Hi! I am a singer. I have studied voice for 20 years and sing with Pacific Chorale. PC is a master chorale. We present our own season and on the seasons of Pacific Symphony, Los Angeles Philharmonic Orchestra, and several others. I have been privileged to sing in the first Soprano section for 37 years! What a ride!! I just love it~ I've performed practically everything in the Chorale literature and can't say there is anything I haven't just loved. I am a lyric coloratura (less coloratura these days~ but used to have F above C2 or high F~ Queen of the Night sort of stuff!!) Currently~ I'm not quite that ambitious!! Thanks for posting this topic. It is fun to share~ Randi


----------



## myaskovsky2002

Under my shower...

Martin


----------



## the_emptier

I started singing in late 2009. I joined the mens choir in my high school on a lark because i needed a class. i've been involved with music all my life but i never really knew i could sing until i started. i immediately realized i could sing and my teacher said i had the strongest baritone voice in the whole program (of 200 students). i performed in the solo/ensemble contest that feb. just 6 months after i started and got a II+/89 which is pretty good for my first time around and little experience. currently I am in the two top choirs at my school as a tenor, I am also a section leader. our teacher retired last year and he really built our choir up from the ground. he is one of the greatest teachers i have ever had and a big influence on me, he taught choir for 35+ years and he was just phenomenal. now, due to ridiculous decisions we have a new choir teacher who taught orchestra for 24 years, she has had a great learning curve and i really like her. with the larger choir (called wilsingers, 60+ people) a lot of animosity was growing compared to WAVE (wilson advanced vocal ensemble) so a couple students and myself took action and we talked to our teacher and now we lead and conduct the songs while the teacher plays piano, helps with diction and adds insight. it may sound a little weird but we in no way are trying to undermine her authority or take control, we just want to have a great sounding choir. and the best way to do that was to have leaders who the other students actually respected. it's gone GREAT so far and barely a peep is heard from them! i myself am taking Faure's Madrigal and a Moses Hogan arrangement of "I can tell the world", polar opposites but i love it. anyways thats the extent of my singing background! my primary instrument is guitar and with tons of auditions i haven't focused on my solo voice very much but I think i'll be participating in the solo contest again.


----------



## Huilunsoittaja

I sing almost everyday actually, hymns.

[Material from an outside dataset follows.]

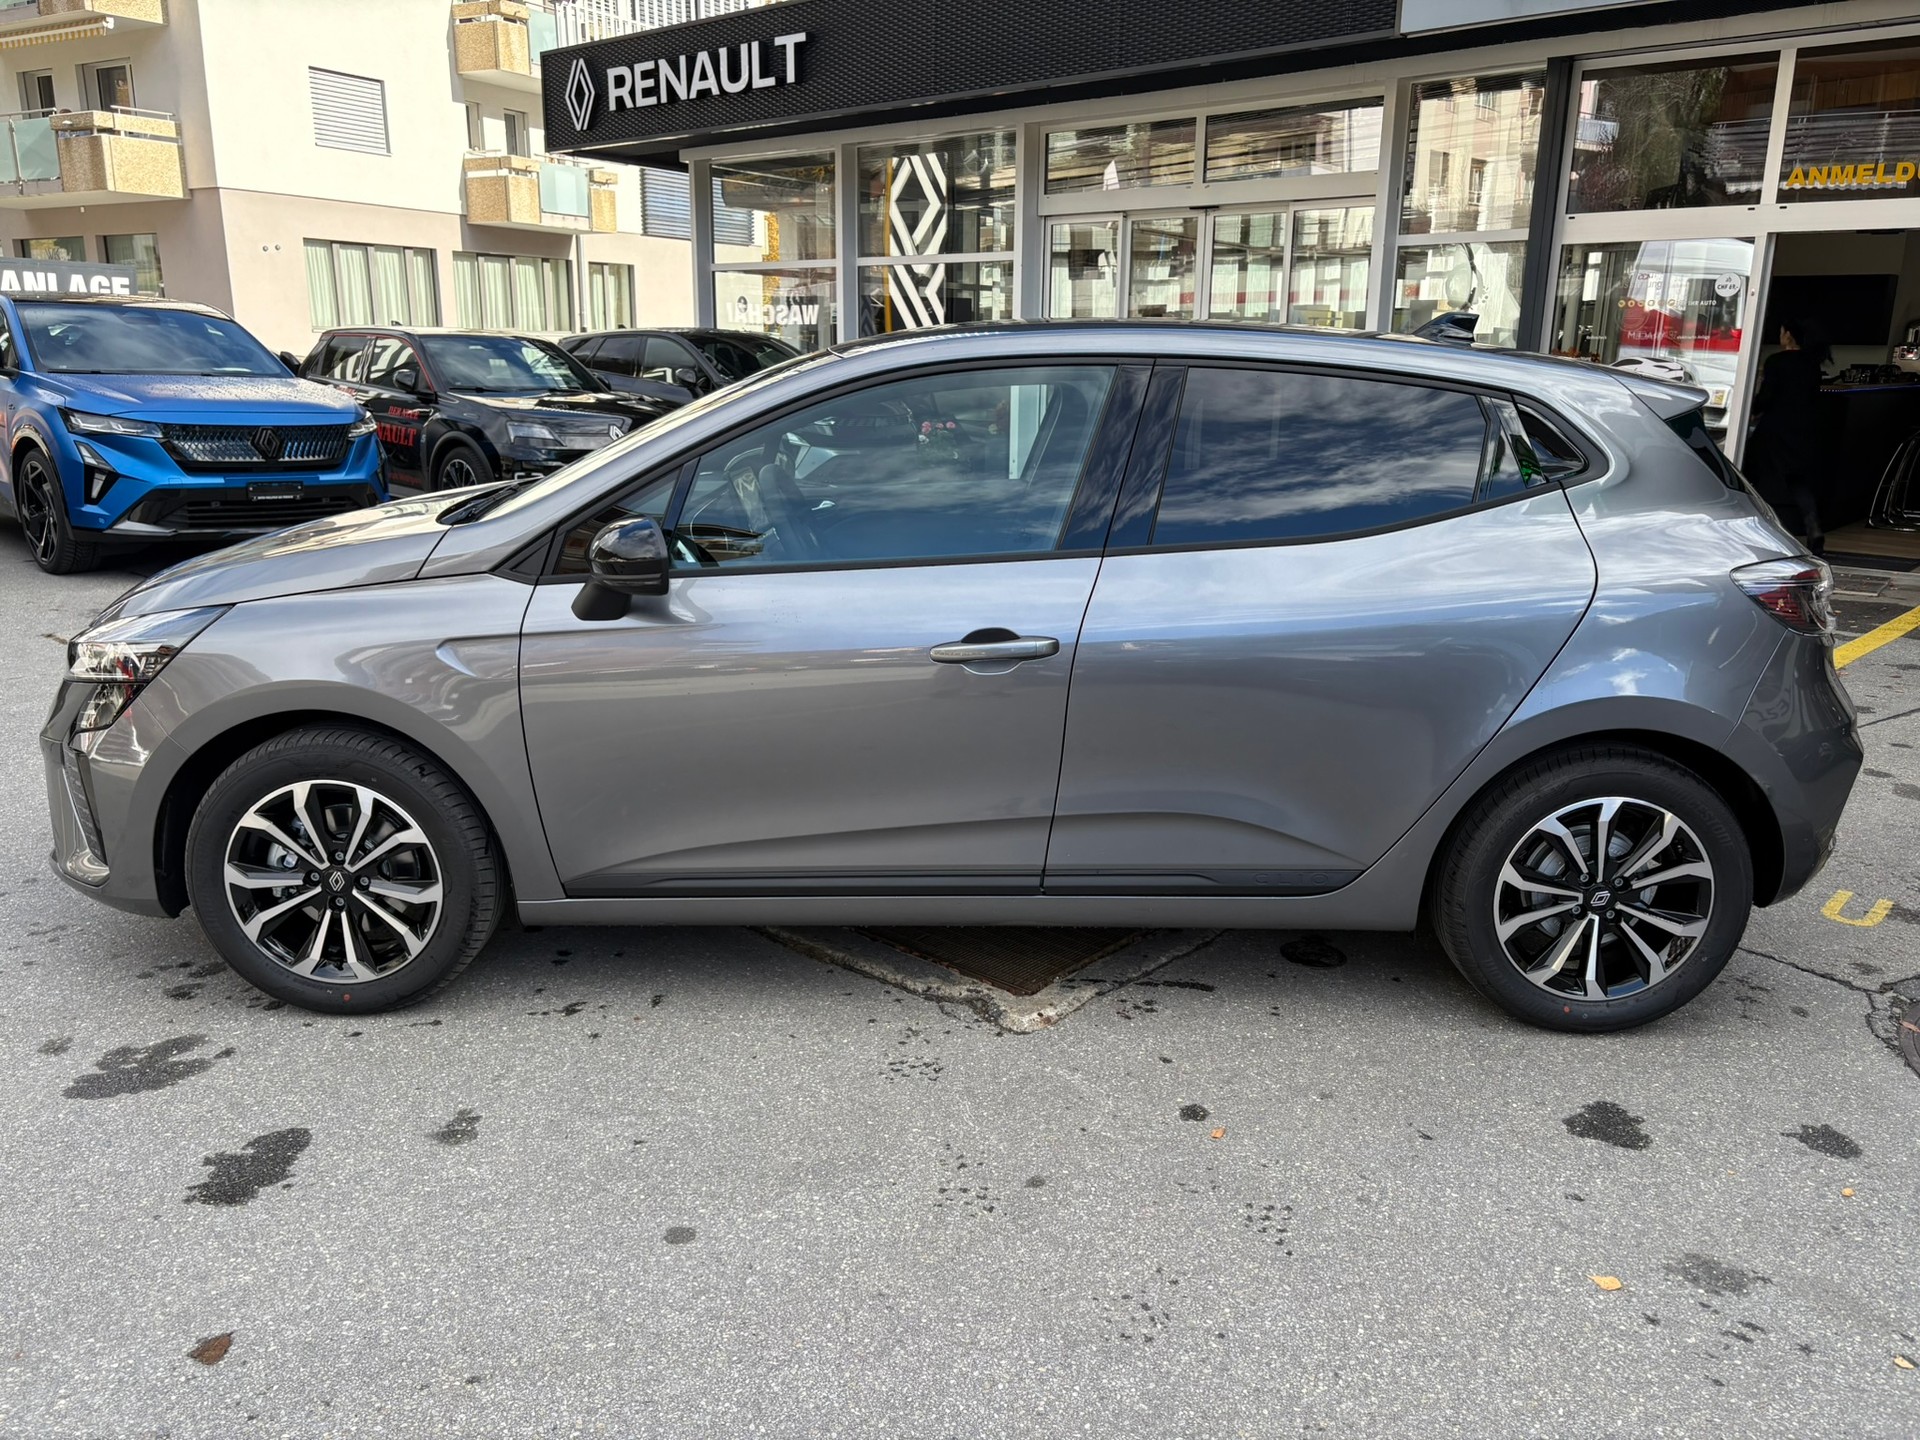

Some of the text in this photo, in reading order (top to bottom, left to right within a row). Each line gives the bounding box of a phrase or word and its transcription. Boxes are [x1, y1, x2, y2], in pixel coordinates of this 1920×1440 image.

[606, 32, 806, 112] RENAULT
[1786, 161, 1920, 187] ANMELD
[376, 421, 417, 446] NAULT

For the last... 10 years?

When I was about 4-5 years old I joined the children's choir at my church, but I was too shy and didn't like it. I still don't like to sing like that, but I'm quite open to sing otherwise, informally.


----------



## Sieglinde

I used to but currently I have no money for lessons, and there's about 2 singing teacher in my small town. One of them wanted to force me into musicals, which I love but most roles there are too low for me. But at least I still know the right technique I learned earlier. I just need a teacher and stuff that does good to my voice.

Will try the other teacher once I get a normal job...

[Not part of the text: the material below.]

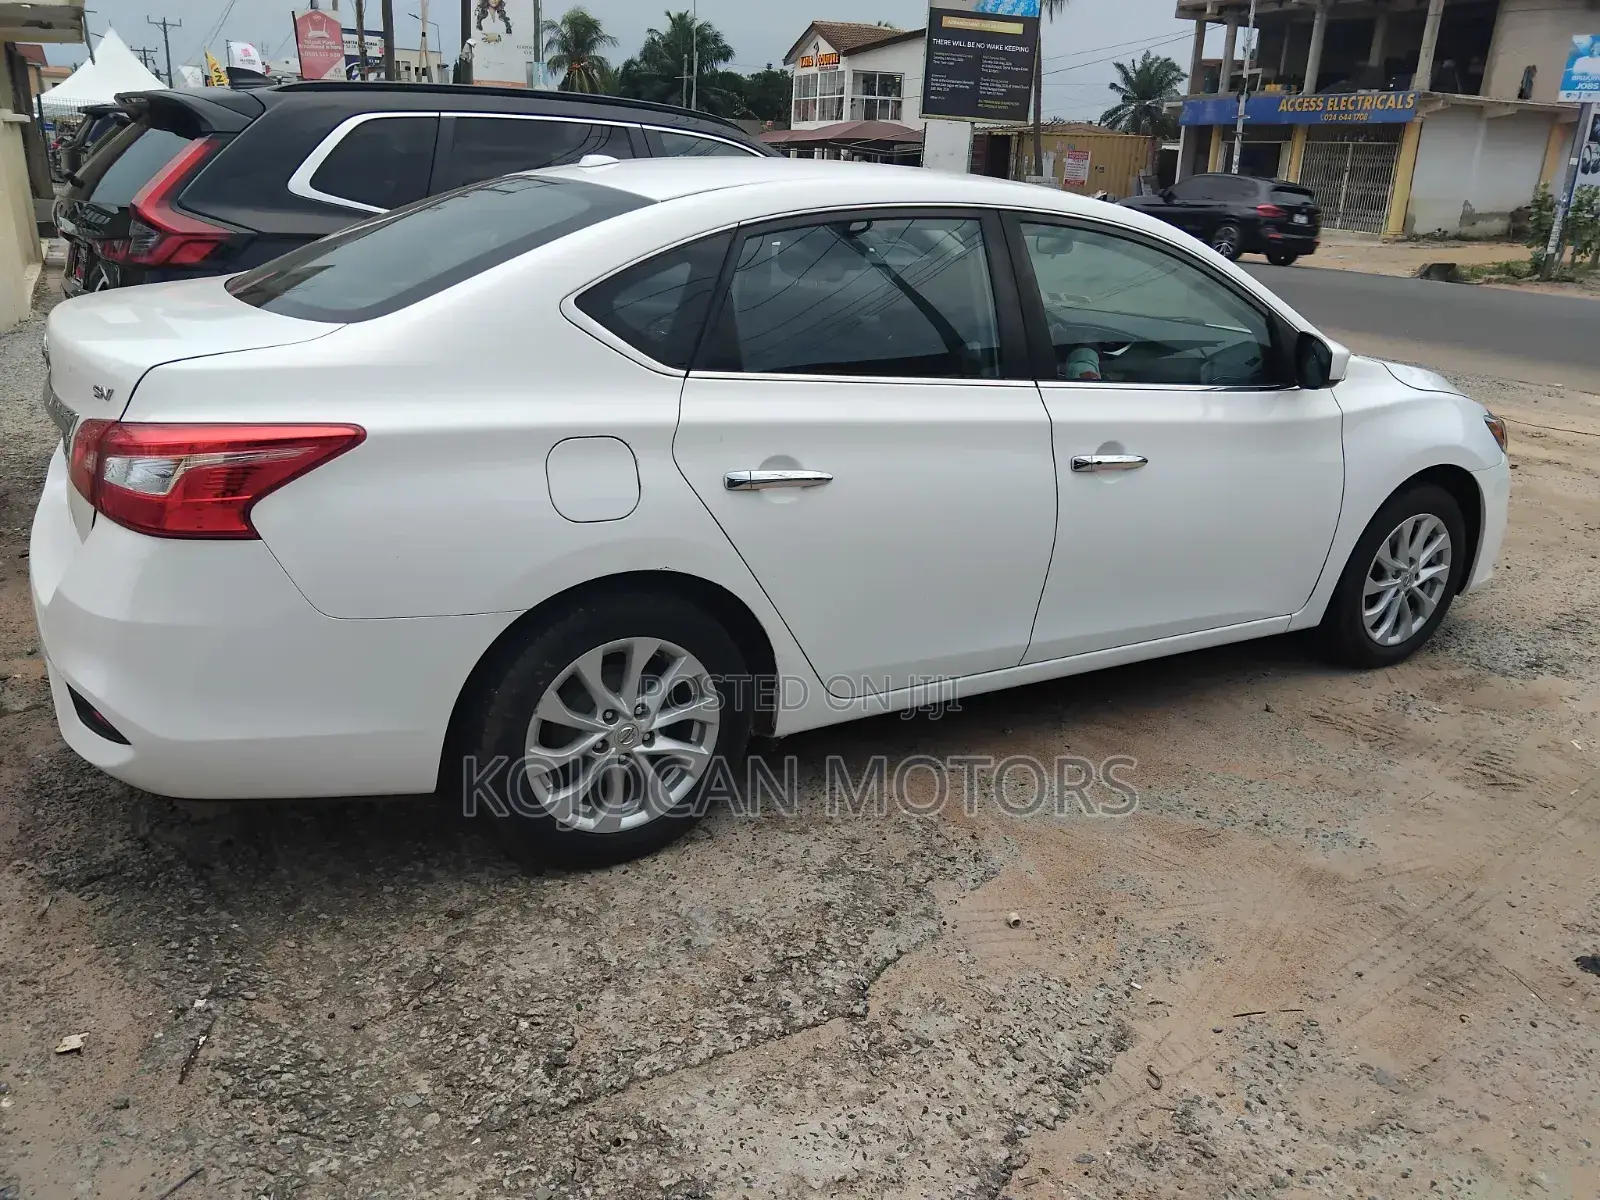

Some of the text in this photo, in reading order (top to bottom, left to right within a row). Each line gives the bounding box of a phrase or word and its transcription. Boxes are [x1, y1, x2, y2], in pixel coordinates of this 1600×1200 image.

I sing a lot of course when alone. I learned tons of arias just by listening (I can't read sheet music, must learn that too), and my favourite operas I know by heart. Including male roles, even if I can't go that low. (Singing tenor arias is fun. Especially belting out the Forging Song while ironing...)

I'm definitely a soprano (I could go up to D flat above soprano high C in lesson) and I feel most comfortable in dramatic soprano territory. Despite being a fragile girl, I feel lyrical parts heavy to do. Senta's ballad- totally comfortable. Mimi - don't think I could. Leonora - *sigh* Do want but not sure. 

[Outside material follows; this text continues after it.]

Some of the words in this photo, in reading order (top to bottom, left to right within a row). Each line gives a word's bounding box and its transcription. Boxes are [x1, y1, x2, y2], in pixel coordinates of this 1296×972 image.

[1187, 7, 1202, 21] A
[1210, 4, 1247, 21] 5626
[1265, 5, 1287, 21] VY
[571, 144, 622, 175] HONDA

If I was a man I'd want to be either a basso profondo or a Britten tenor.


----------



## Randi

*I do!*

Hi there. I do! I've sung with Pacific Chorale for over 30 years. I've studied voice almost that long and at one time had a vocal coach from the New York City Opera, as well as my regular voice teacher. I LOVE chorale music but more than anything, I love to sing it!!

Pacific Chorale performs 3 to 5 concerts a year for our own season subscribers. In addition, we sing two or three concerts a year with the Pacific Symphony and at the Hollywood Bowl summer concert season. We also sing with the LA Philharmonic, Pasadena Symphony, and the Long Beach Symphony. This coming fall we are touring with the Munich Symphony up and down the west coast from Washington to CA, performing the full score of the Lord of the Rings.

We are touring France in 2012. We are an active, fun, dynamic, highly accomplished Chorus and I feel so blessed to have had the honor to sing with this amazing Chorale Music organization my entire adult life!

How about you? Where do you sing?
Randi


----------



## Saul_Dzorelashvili

Mostly in the shower...the walls give off good acoustics...


----------



## AlbaCountertenor

Hi.

I'm training as an operatic Countertenor with an eventual view to go professional. I practice 6 days out of 7 and the sort of things I sing is stuff like Verdi Prati from Alcina, Orfeo arias from Orfeo ed Euridice, Voi che Sapete and stuff in this vein. Baroque and Mezzo trouser roles stuff. I currently top out at A5 but hoping to eventually get that Soprano C one day. I've been training for about 4 months now so a long way to go!


----------



## serinia

In autumn I will enter 2nd year in classical singing. I`m a high lyric soprano.. but I really wish to develop my agility so I can sing coloratura roles. Currently I have a stable range, that of a soubrette C4-G5. At the beginning I sung baroque arias and then moved on to Lieder and a easy aria, L`ho perduta [The marriage of figaro]. My teacher said that I could sing voi che sapete next year so I`m very eager ^^ and hope to sing also Zerlina.


----------



## kv466

Just the other day I tried a song in d that I normally do in c and was thinking of how quickly and easily a voice can find a different key even though i'd never sung it that way...doing that with instruments is usually just as simple but with voice I do it without even thinking...recently I've been singing from 50 to 60 songs friday and saturday night...don't recommend it to anyone...i prefer band situations and always look to play with folks that sing so I only have to sing 10 or so a night...couldn't live without it, though...one of my favorite things to do


----------



## Il_Penseroso

With my not clear Basso, I know, I use to sing russian tunes sometimes, but only when I'm alone !


----------



## sabrina

Il_Penseroso said:


> With my not clear Basso, I know, I use to sing russian tunes sometimes, but only when I'm alone !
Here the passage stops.